= TASK DETAILS =
An unchanged copy of every record below, without pictures, is the goal.

= SOURCE MATERIAL =

== Segment start ==

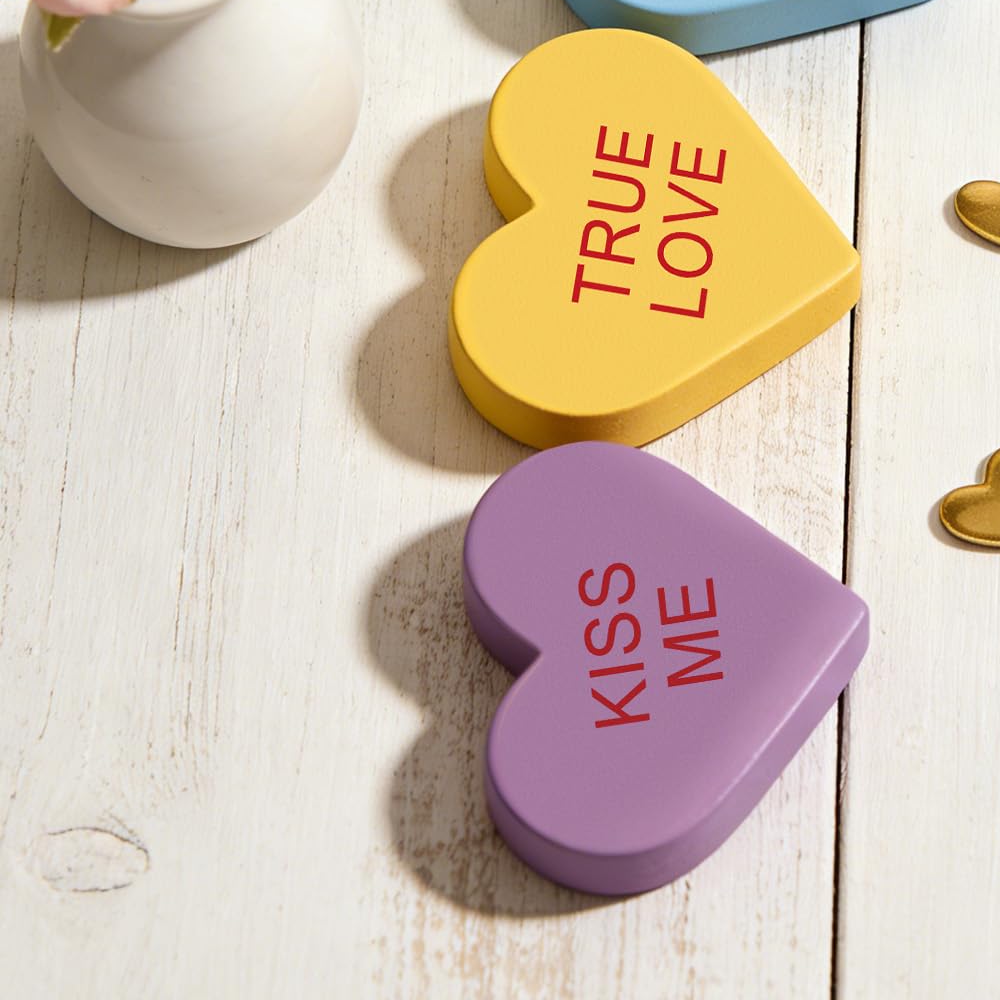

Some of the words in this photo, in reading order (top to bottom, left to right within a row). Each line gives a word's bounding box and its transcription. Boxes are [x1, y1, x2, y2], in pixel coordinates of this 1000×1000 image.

[571, 125, 654, 303] TRUE
[650, 141, 727, 319] LOVE
[578, 563, 650, 728] KISS
[657, 578, 724, 687] ME
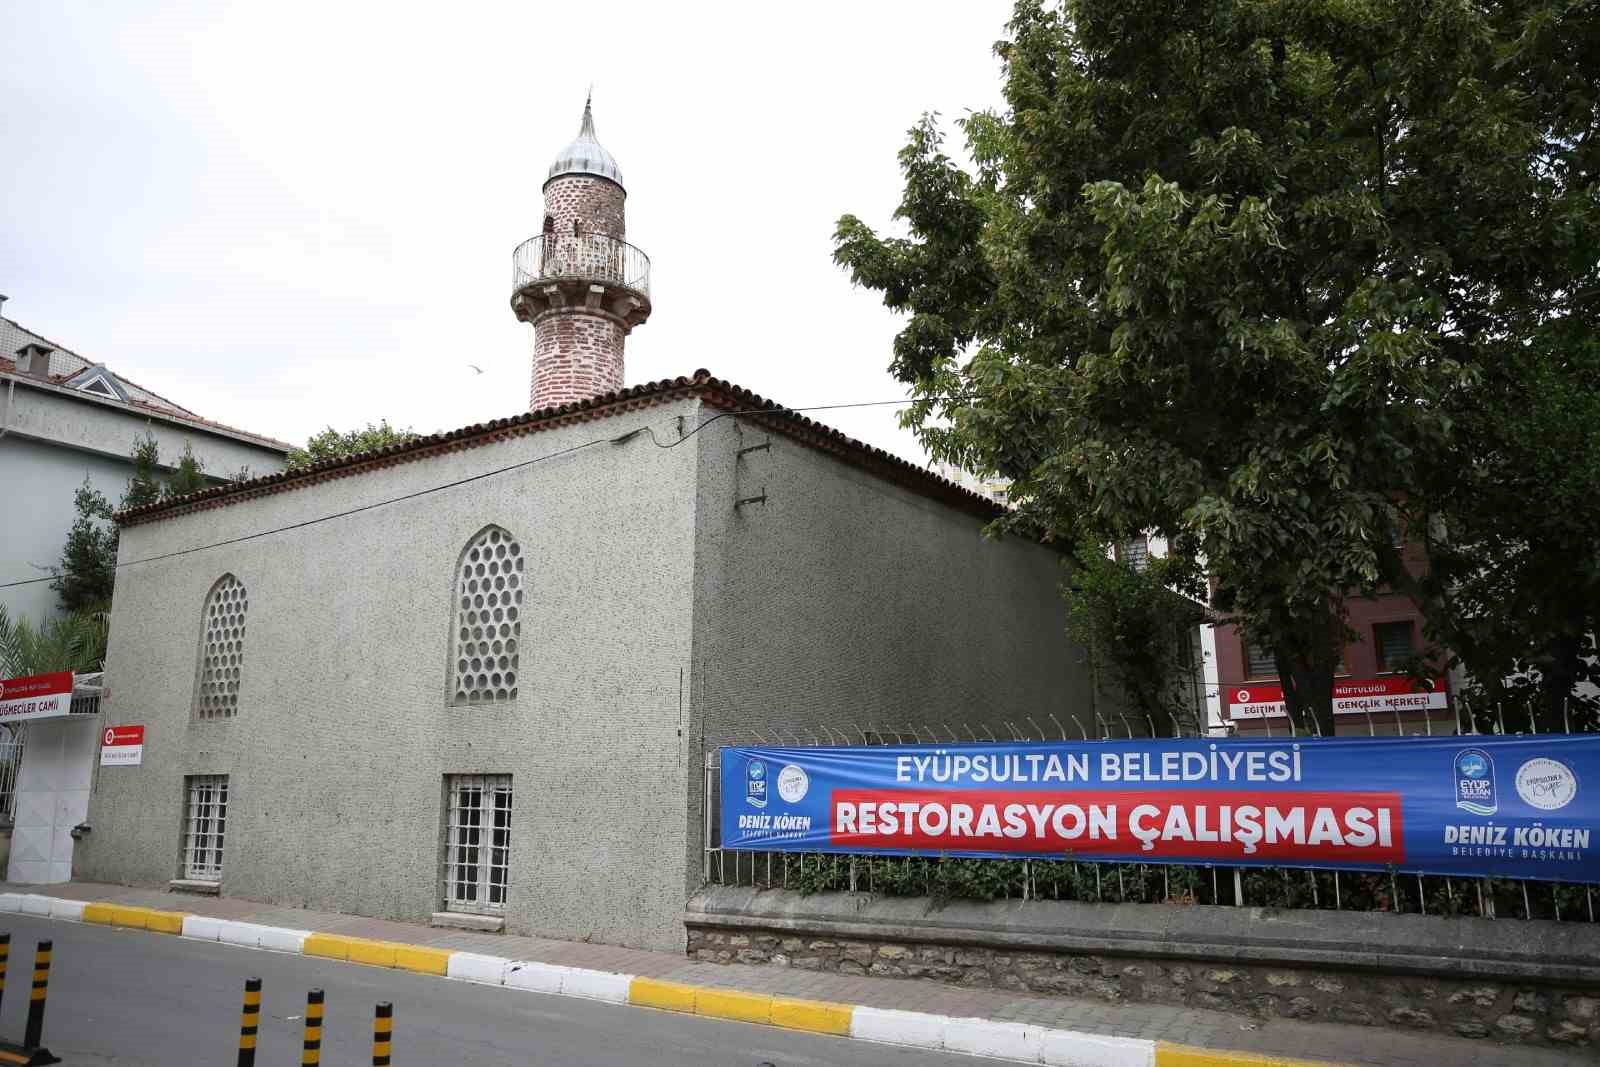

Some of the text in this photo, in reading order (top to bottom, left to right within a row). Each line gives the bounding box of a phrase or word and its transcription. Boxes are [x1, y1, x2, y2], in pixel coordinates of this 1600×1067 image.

[1337, 699, 1381, 710] GENÇLİK
[1385, 694, 1430, 706] MERKEZİ
[896, 743, 1302, 783] EYÜPSULTAN BELEDİYESİ
[739, 811, 811, 830] DENİZ KÖKEN
[836, 802, 1393, 854] RESTORASYON ÇALIŞMASI
[1444, 821, 1590, 849] DENİZ KÖKEN
[1452, 846, 1582, 862] BELEDİYE BAŞKANI
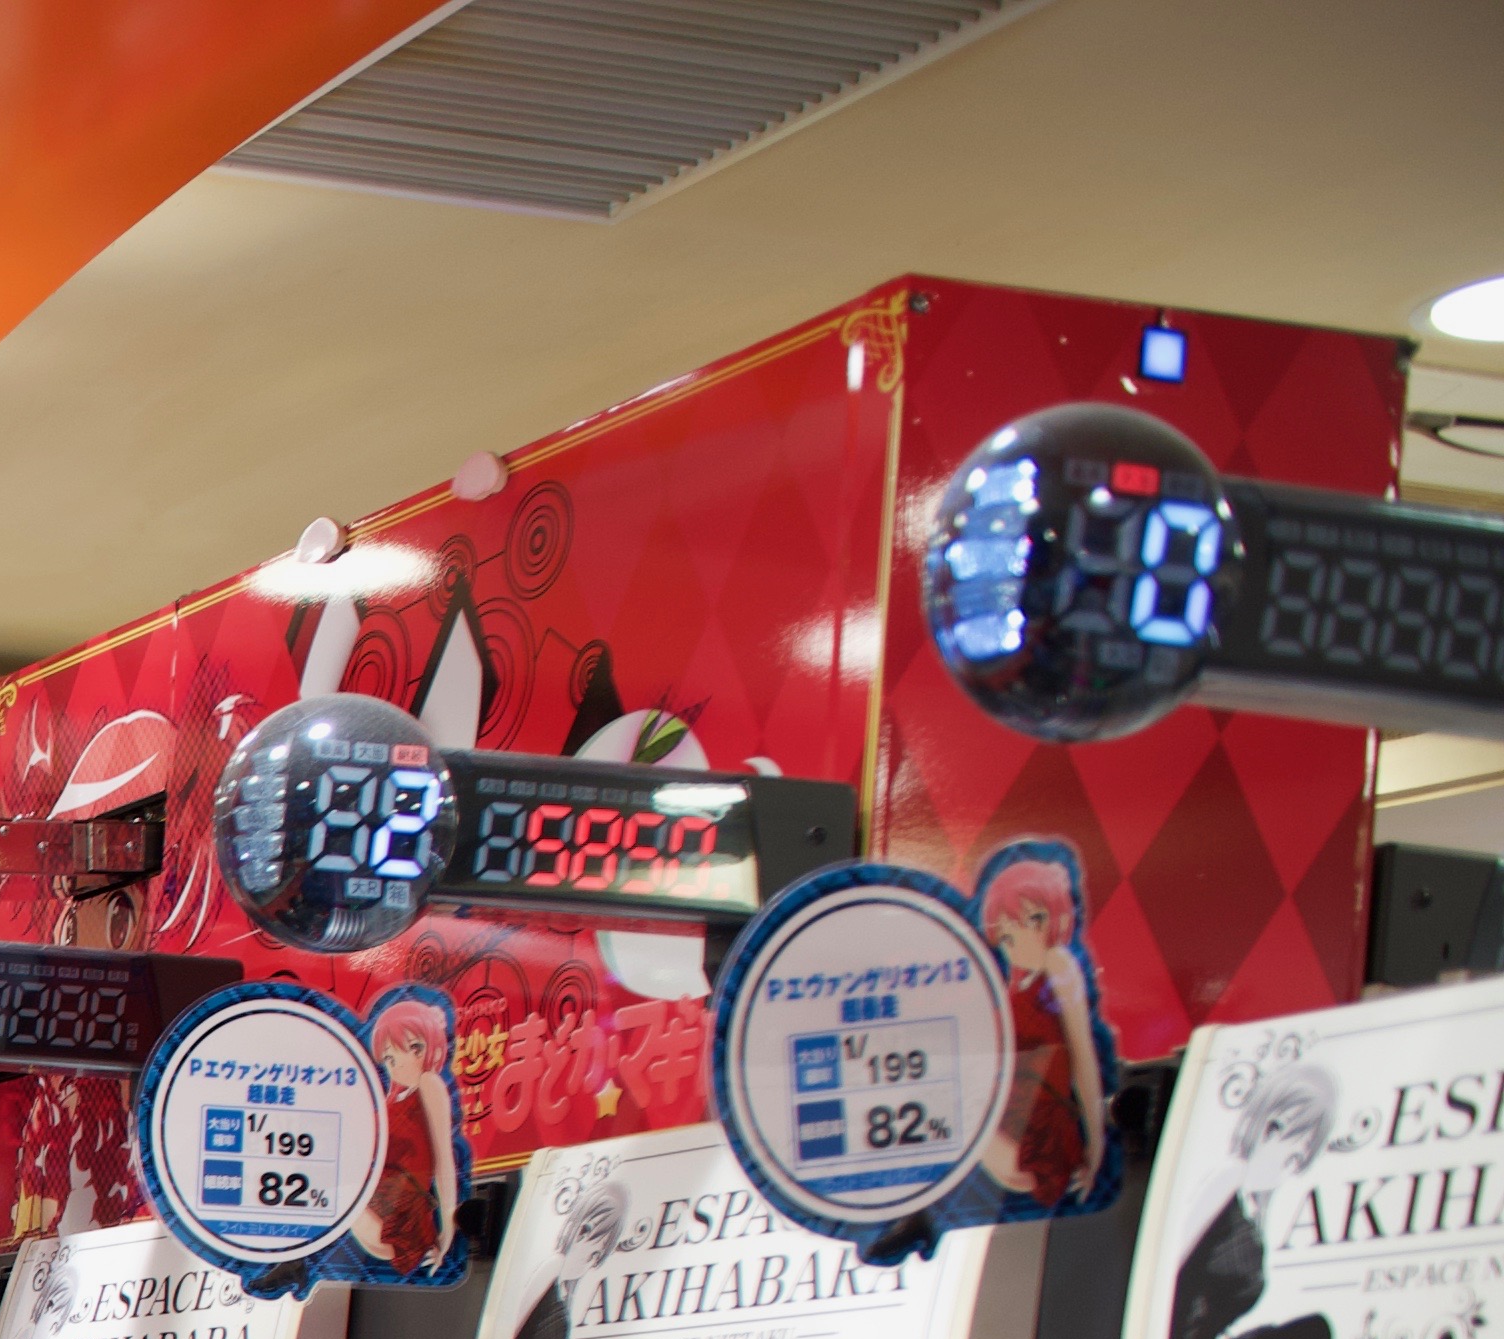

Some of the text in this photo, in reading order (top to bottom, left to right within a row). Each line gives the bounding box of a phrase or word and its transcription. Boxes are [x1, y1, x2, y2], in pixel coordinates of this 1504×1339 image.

[1129, 499, 1223, 648] 0
[369, 768, 441, 878] 2
[349, 879, 408, 905] 大R 箱
[189, 1058, 357, 1086] Pエヴァンゲリオン13
[867, 1101, 951, 1149] 82%
[259, 1172, 328, 1208] 82%
[1278, 1163, 1504, 1251] AKIH
[89, 1269, 219, 1324] ESPACE
[1363, 1258, 1478, 1292] ESPACE
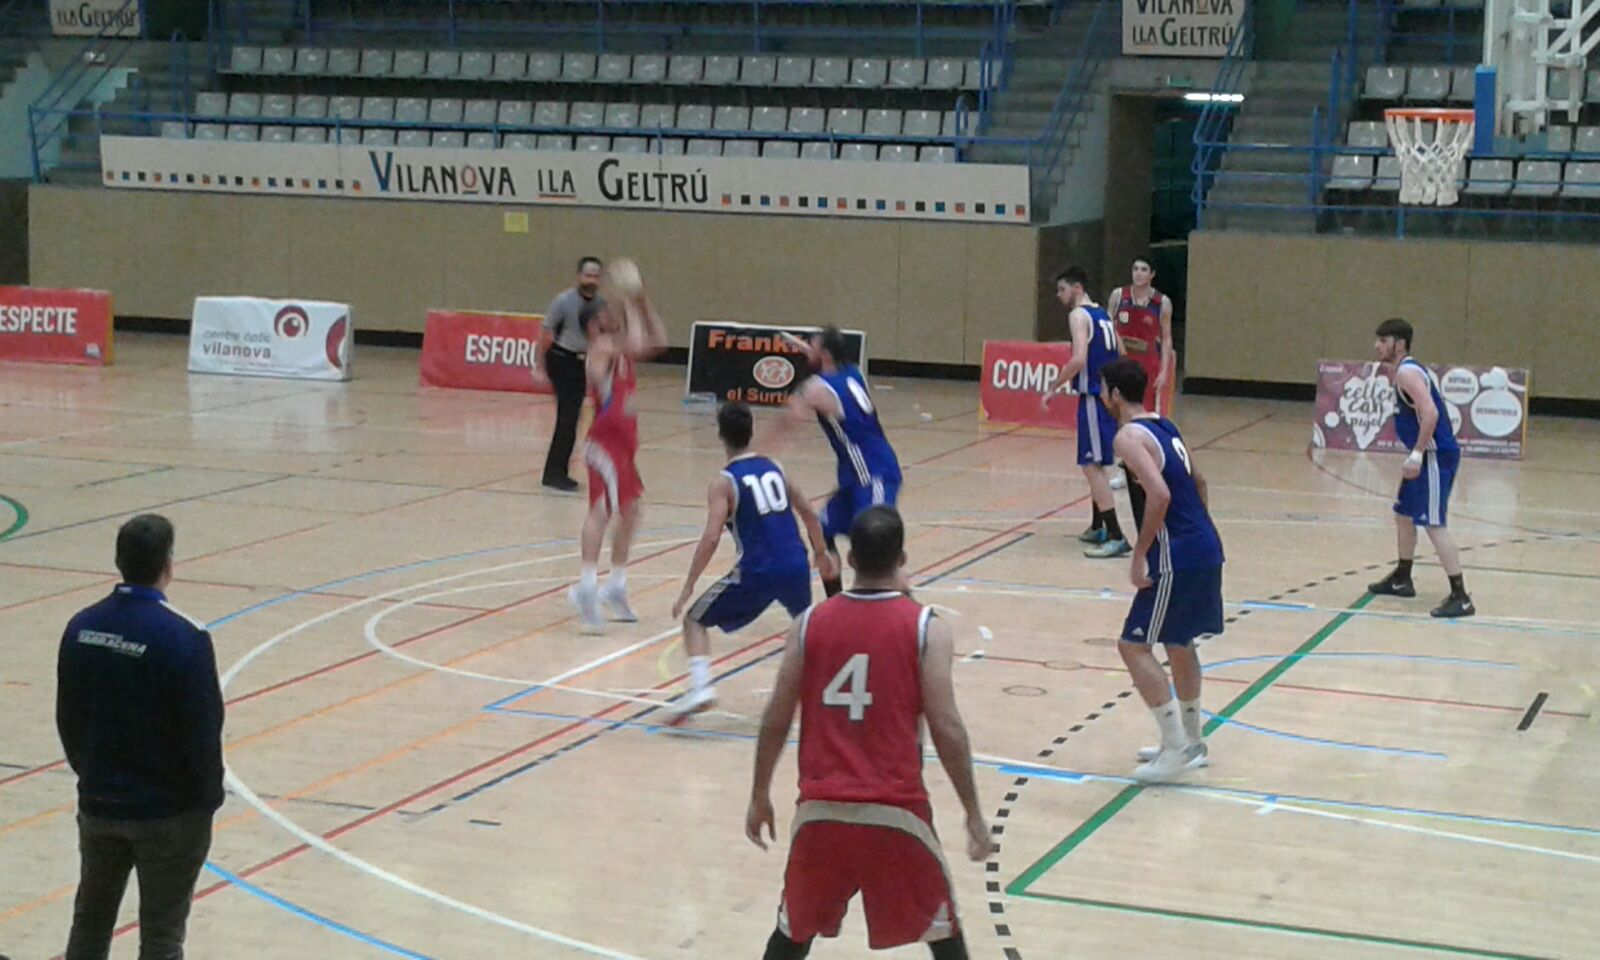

== Segment end ==

= ANSWER SECTION =
Some of the words in this photo, in reading order (top to bottom, left to right within a row). Each line gives a word's bounding box and its transcription. Boxes are [x1, y1, x2, y2], in pixel coordinates of this 1000×1000 image.

[571, 125, 654, 303] TRUE
[650, 141, 727, 319] LOVE
[578, 563, 650, 728] KISS
[657, 578, 724, 687] ME

Some of the text in this photo, in reading order (top to bottom, left to right within a row). Each line gives the bounding box of a phrase or word and its transcription. Boxes are [x1, y1, x2, y2], in pixel coordinates of this 1600×1067 image.

[1337, 699, 1381, 710] GENÇLİK
[1385, 694, 1430, 706] MERKEZİ
[896, 743, 1302, 783] EYÜPSULTAN BELEDİYESİ
[739, 811, 811, 830] DENİZ KÖKEN
[836, 802, 1393, 854] RESTORASYON ÇALIŞMASI
[1444, 821, 1590, 849] DENİZ KÖKEN
[1452, 846, 1582, 862] BELEDİYE BAŞKANI

Some of the text in this photo, in reading order (top to bottom, left to right within a row). Each line gives the bounding box of a phrase or word and its transcription. Boxes are [x1, y1, x2, y2], in pixel coordinates of this 1504×1339 image.

[1129, 499, 1223, 648] 0
[369, 768, 441, 878] 2
[349, 879, 408, 905] 大R 箱
[189, 1058, 357, 1086] Pエヴァンゲリオン13
[867, 1101, 951, 1149] 82%
[259, 1172, 328, 1208] 82%
[1278, 1163, 1504, 1251] AKIH
[89, 1269, 219, 1324] ESPACE
[1363, 1258, 1478, 1292] ESPACE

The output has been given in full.